Nobel laureate James D. Watson to receive top honor from Illinois Institute of Technology

CHICAGO, March 24, 1999—James D. Watson, a 1962 Nobel laureate in medicine and president of Cold Spring Harbor Laboratory, will receive the Henry Townley Heald Award from Illinois Institute of Technology (IIT), the university announced today. The Heald Award, named for IIT’s first president, is the university’s highest honor.

The award will be presented to Watson at the Henry Townley Heald Award Dinner on April 15, at the Hyatt Regency McCormick Place, Chicago. The private event begins with a cocktail reception at 6 p.m., followed by dinner and the award ceremony at 7 p.m.

Besides serving as a platform for the presentation of the award, the black-tie dinner also recognizes the university’s supporters, and many of Chicago’s top business and philanthropic leaders are expected to attend the event.

Also on April 15, Watson will be on IIT’s Main Campus to deliver a free public lecture at 4 p.m. His talk, titled “From the Double Helix to the Human Genome Project,” will be held in the Hermann Union Building, 3241 S. Federal St., Chicago. A reception will follow. The lecture is sponsored by IIT’s Institute for Science, Law and Technology, and co-sponsored by Chicago Area Sigma Xi. For further information, call (312) 567-3104.

Watson will be honored with the Heald Award for invaluable contributions to science and humanity over the course of his productive and path-breaking career. Watson is best known for his 1953 discovery of the structure of DNA (deoxyribonucleic acid), for which he received, with Francis Crick and Maurice Wilkins, the 1962 Nobel Prize in Medicine. They proposed that the DNA molecule takes the shape of a double helix, an elegantly simple structure that resembles a gently twisted ladder.

After a teaching career at Harvard (1955-1976), Watson became director of the Cold Spring Harbor Laboratory on Long Island, New York. He was a driving force behind establishing the Human Genome Project, a worldwide effort to map and sequence the genes of a complete set of chromosomes, and became the project’s first director in 1989. After the project was well under way, he resigned his position as director in 1992. Watson is now president of the Cold Spring Harbor Laboratory.

In addition to the Nobel Prize, Watson has received numerous honors, including the Medal of Freedom from President Ford (1977), the Copley Medal from the Royal Society (1993), the National Medal of Science (1997) and the Mendel Medal (1998).

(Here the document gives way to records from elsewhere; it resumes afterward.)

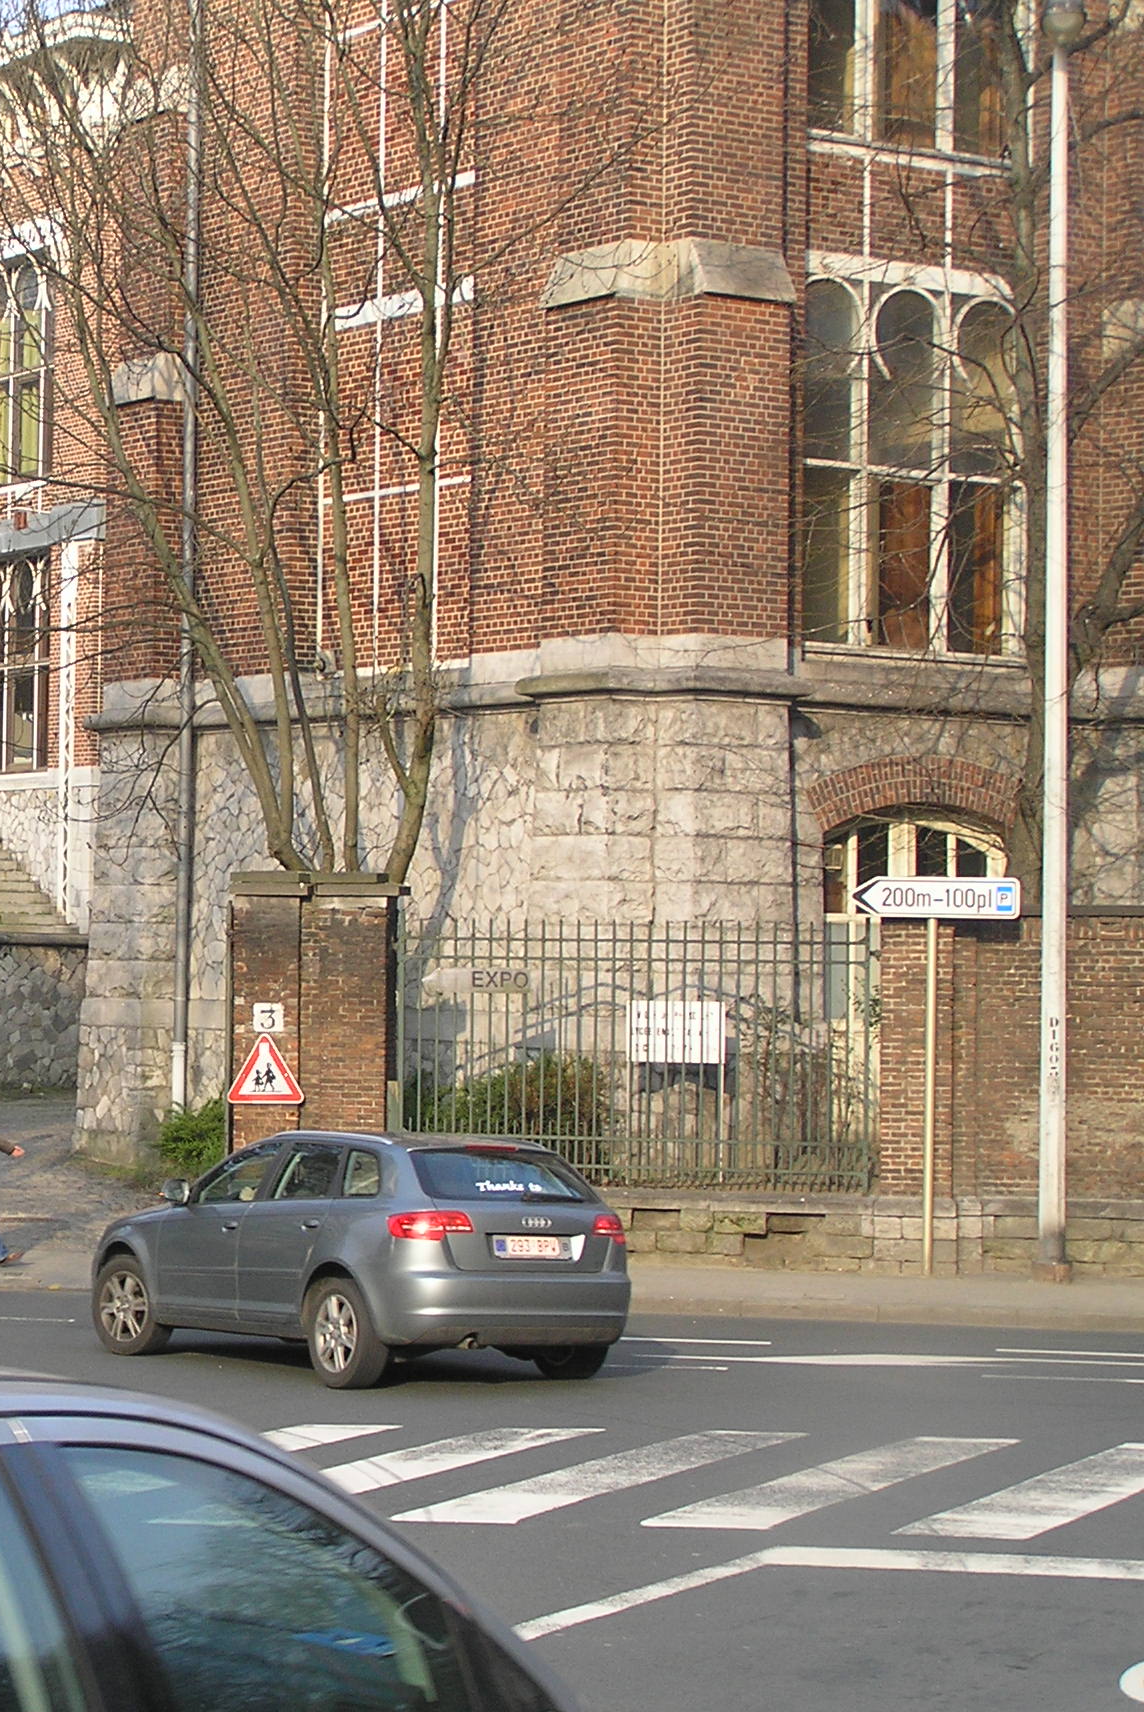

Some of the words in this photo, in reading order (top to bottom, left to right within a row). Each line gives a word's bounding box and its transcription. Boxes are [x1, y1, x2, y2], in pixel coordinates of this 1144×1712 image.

[882, 887, 992, 913] 200m-100pl
[472, 970, 529, 989] EXPO
[260, 1008, 275, 1029] 3
[475, 1180, 524, 1192] Thanks
[528, 1182, 542, 1192] to
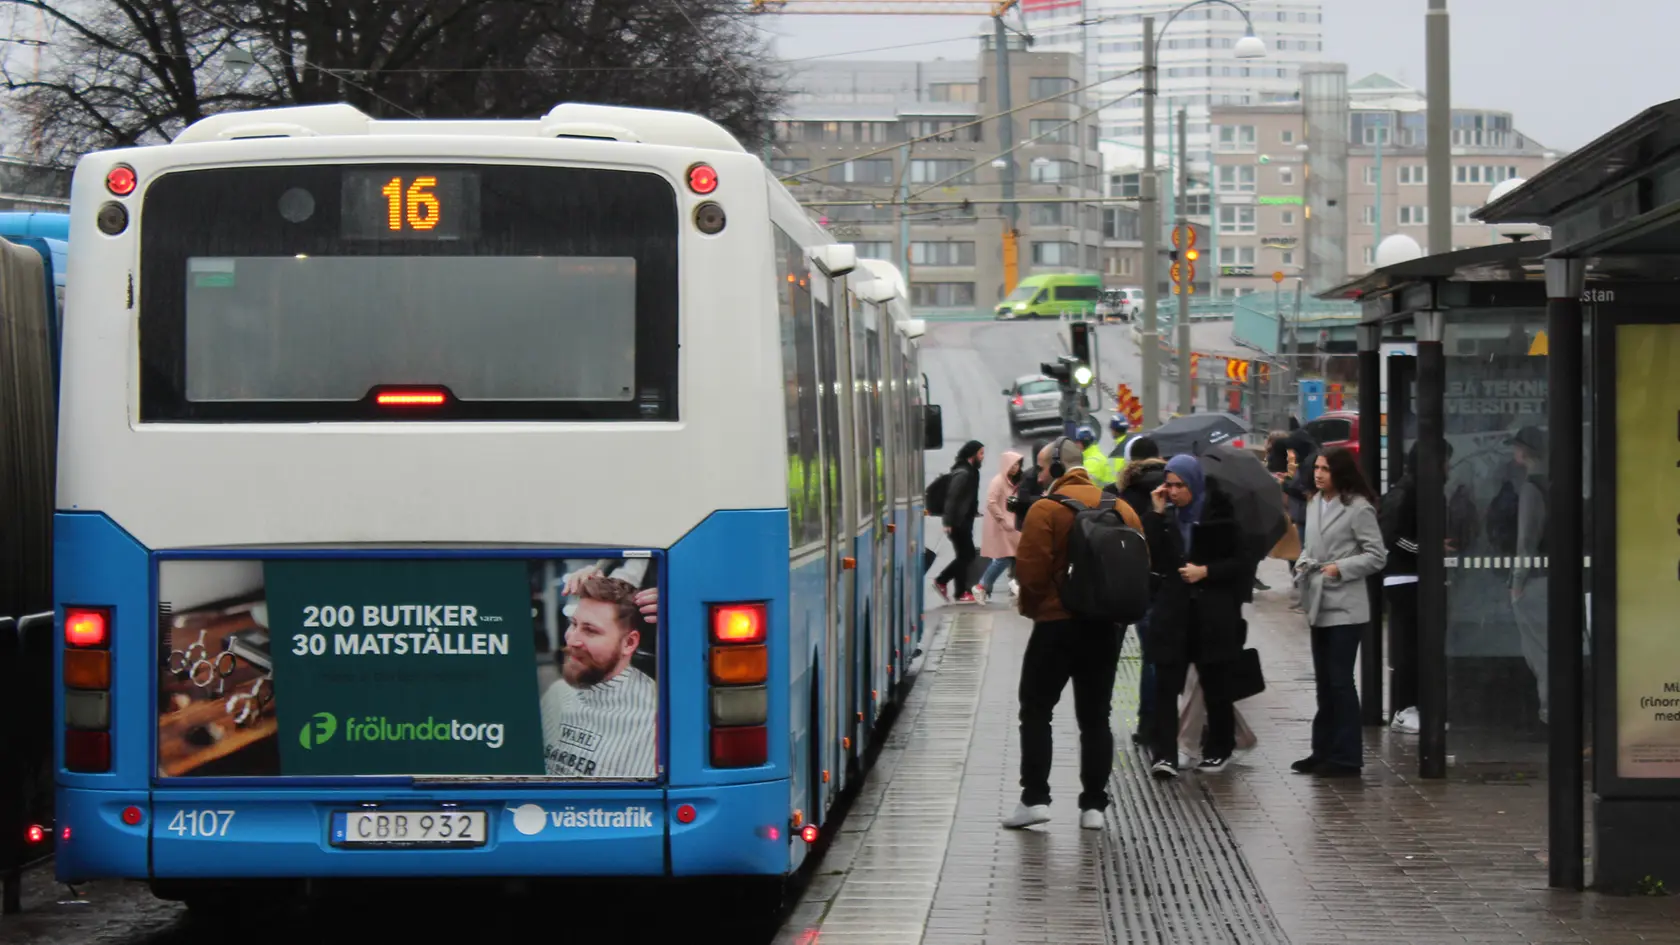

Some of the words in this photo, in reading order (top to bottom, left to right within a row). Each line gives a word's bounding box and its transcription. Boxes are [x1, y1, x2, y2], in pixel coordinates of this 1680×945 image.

[381, 175, 441, 231] 16
[1579, 288, 1615, 302] stan
[303, 605, 355, 627] 200
[363, 605, 478, 627] BUTIKER
[292, 633, 327, 656] 30
[334, 627, 509, 656] MATSTÄLLEN
[346, 716, 505, 749] frölundatorg
[561, 726, 595, 747] WAHL
[167, 809, 236, 837] 4107
[357, 815, 409, 838] CBB
[419, 815, 472, 838] 932
[552, 807, 653, 828] västtrafik

Watson joins a prestigious roster of past Heald Award honorees, including Jonas Salk, Ross Perot, Ted Turner, Buckminster Fuller, Edward Teller, Ludwig Mies van der Rohe, Donald Rumsfeld, Kazuo Inamori, Robert Galvin and Daniel Goldin.

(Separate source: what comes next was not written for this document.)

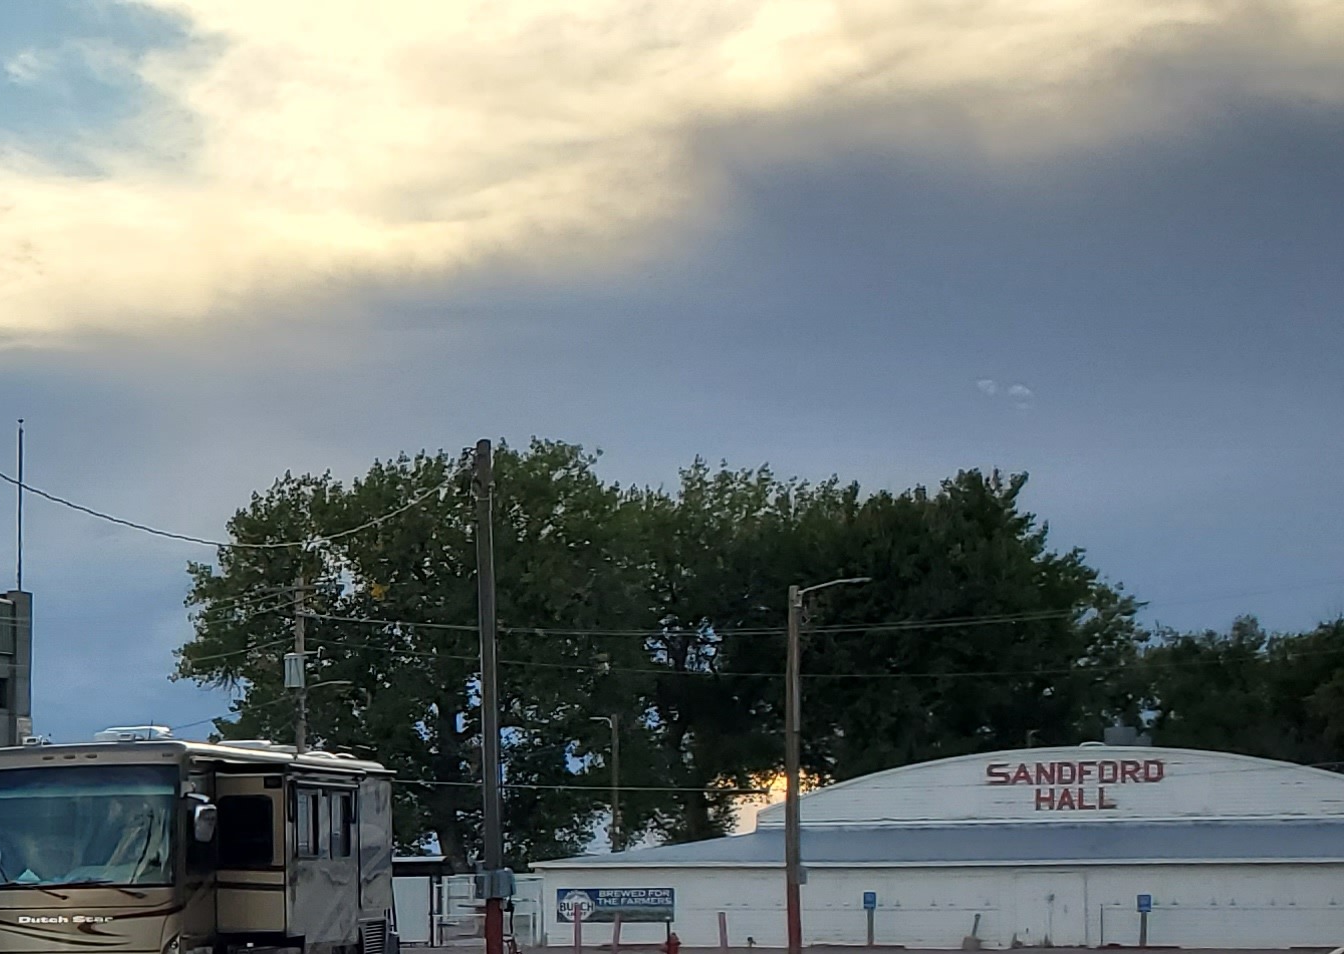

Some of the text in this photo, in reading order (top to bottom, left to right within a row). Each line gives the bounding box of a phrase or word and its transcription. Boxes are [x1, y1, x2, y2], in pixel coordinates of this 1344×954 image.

[986, 760, 1165, 785] SANDFORD
[1035, 787, 1118, 811] HALL
[560, 902, 594, 911] BUCH
[72, 915, 113, 923] Star

Illinois Institute of Technology is a private, Ph.D.-granting university with programs in engineering, science, psychology, architecture, business, design and law. One of the 16 institutions of the Association of Independent Technological Universities (AITU), IIT offers exceptional preparation for professions that require technological sophistication. Through a committed faculty and close personal attention, IIT provides a challenging academic program focused by the rigor of the real world.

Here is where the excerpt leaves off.